Corriere della Sera, 8 luglio 2019
Il tesoro del Chapo
La procura federale americana vuole mettere le mani sulla cassa del Chapo: con un atto ufficiale ha chiesto che il boss del cartello messicano di Sinaloa consegni 12,6 miliardi di dollari. Una stima al ribasso, hanno precisato i magistrati, convinti che ne abbia accumulati molti di più.
Ma il padrino è davvero così ricco? O meglio, è in possesso di tutto questo denaro? I legali negano, quasi piangono miseria, ricordano – come se Joaquin Guzman fosse un qualsiasi cittadino – che ha sempre avuto spese enormi di gestione. Un esempio? Un gruppo di spie costava 800 dollari di stipendio alla settimana per il capo locale e 40 per i sottoposti. Uno schema che se moltiplicato per dozzine di località significa uscite considerevoli. E poi El Chapo ha sempre vissuto da clandestino, latitante in una serie di appartamenti e fattorie dove il lusso era secondario. Niente zoo privati, colonnati o stravaganze. L’unica cosa importante era una galleria per fuggire.

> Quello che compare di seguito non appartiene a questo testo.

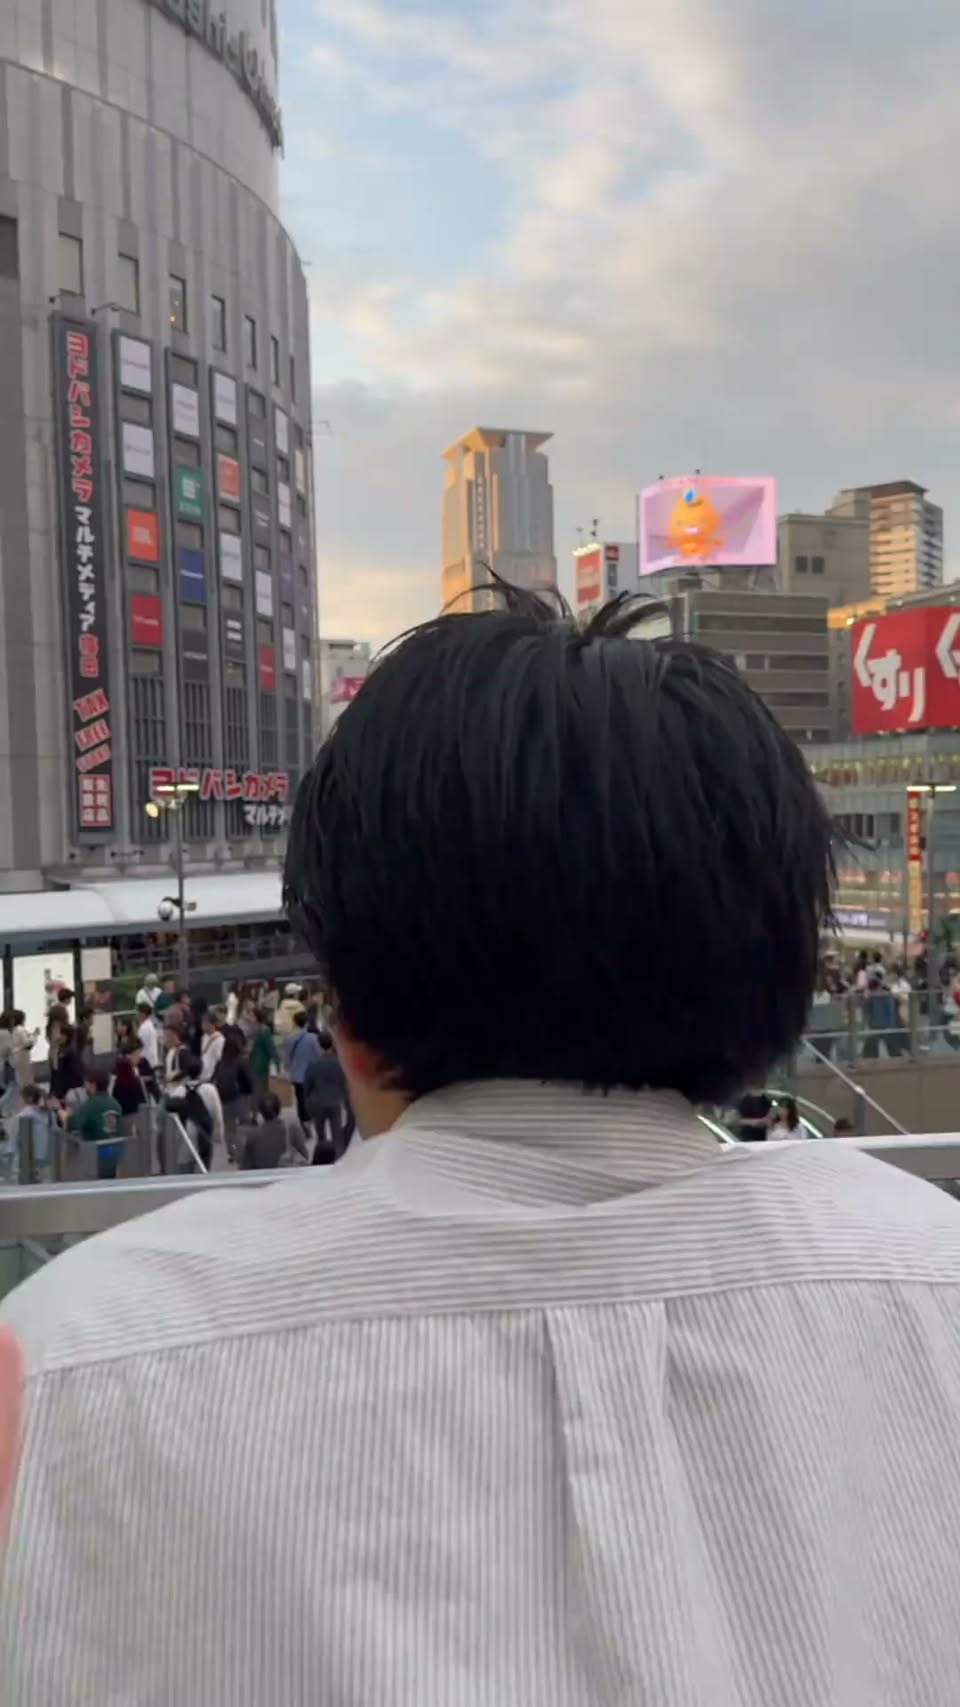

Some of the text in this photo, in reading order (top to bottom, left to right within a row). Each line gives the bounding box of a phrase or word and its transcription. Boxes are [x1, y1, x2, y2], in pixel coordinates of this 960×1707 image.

[67, 331, 93, 501] ヨドバシカメラ
[78, 633, 100, 678] 田
[853, 623, 925, 722] くすり
[935, 612, 960, 690] く

Alcuni esperti hanno contestato le valutazioni delle autorità statunitensi. A loro dire sono dati con poco fondamento. Inoltre il boss era parte di un network con altri personaggi, alcuni ancora fuggiaschi e magari veri detentori del potere. Non è detto che sappia le coordinate del tesoro. Le sortite dei procuratori, però, hanno fatto breccia. Come non ricordare che il senatore del Texas, Ted Cruz, ha proposto di usare i soldi del narcotrafficante per finanziare la costruzione del muro al confine con il Messico. Però gli investigatori dovevano trovarli e non ci sono riusciti. Magari avranno miglior fortuna con qualche collaboratore del capo: in cambio di una riduzione di pena potrebbe dare indicazioni utili.

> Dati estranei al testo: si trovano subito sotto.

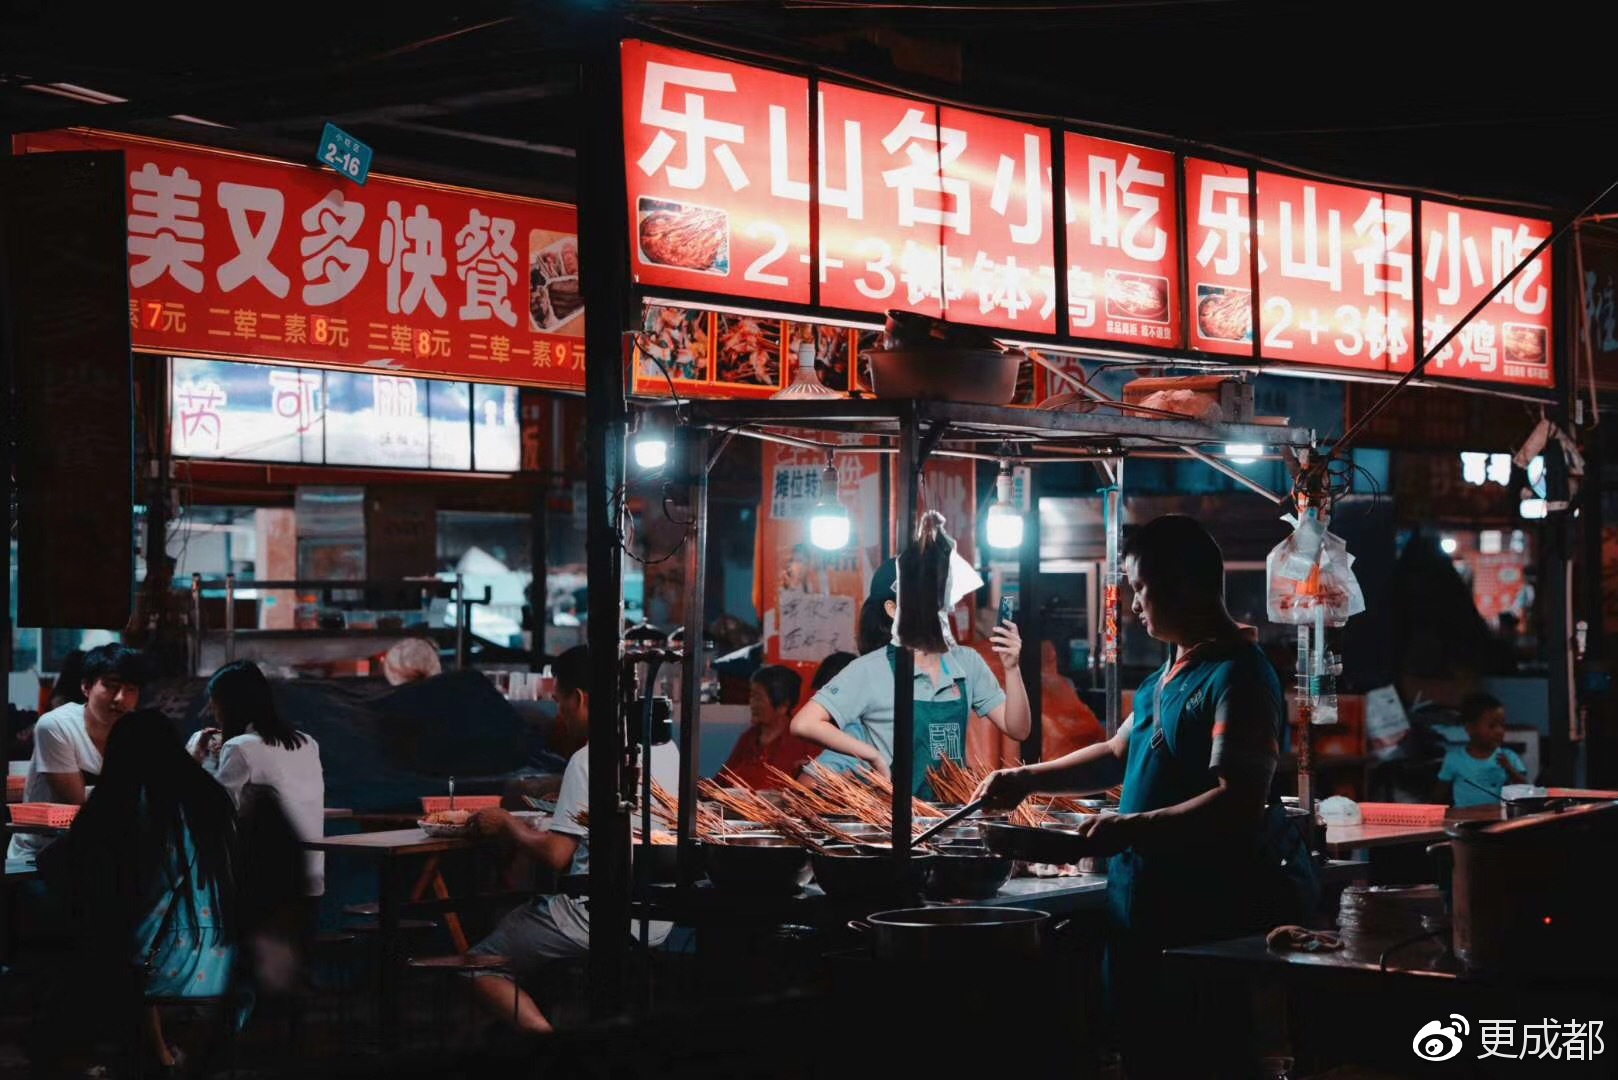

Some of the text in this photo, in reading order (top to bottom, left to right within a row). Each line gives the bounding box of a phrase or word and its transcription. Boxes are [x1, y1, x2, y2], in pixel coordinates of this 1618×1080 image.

[324, 143, 361, 176] 2-16
[637, 61, 1168, 262] 乐山名小吃
[127, 162, 518, 327] 美又多快餐
[1196, 174, 1549, 314] 乐山名小吃

Gli inquirenti speravano di fare lo stesso con Guzman applicandolo regole ferree di detenzione, quelle in vigore al Metropolitan Correctional Center di New York, la piccola Guantanamo. Il bandito è rinchiuso in una cella cinque metri per tre, con la luce sempre accesa. Da qui può uscire solo una volta al giorno, per un’ora. Gli avvocati, invocando ragioni mediche, hanno chiesto misure meno severe. Richiesta respinta insieme a quella di un nuovo processo. Per ora nulla cambia, il 17 luglio il tribunale annuncerà il destino per El Chapo, già riconosciuto colpevole. Tutti danno per scontato l’ergastolo. Magari il condannato, angosciato dalla prospettiva di un’esistenza da sepolto vivo, accetterà di cooperare, ma non è detto che sappia le coordinate del tesoro.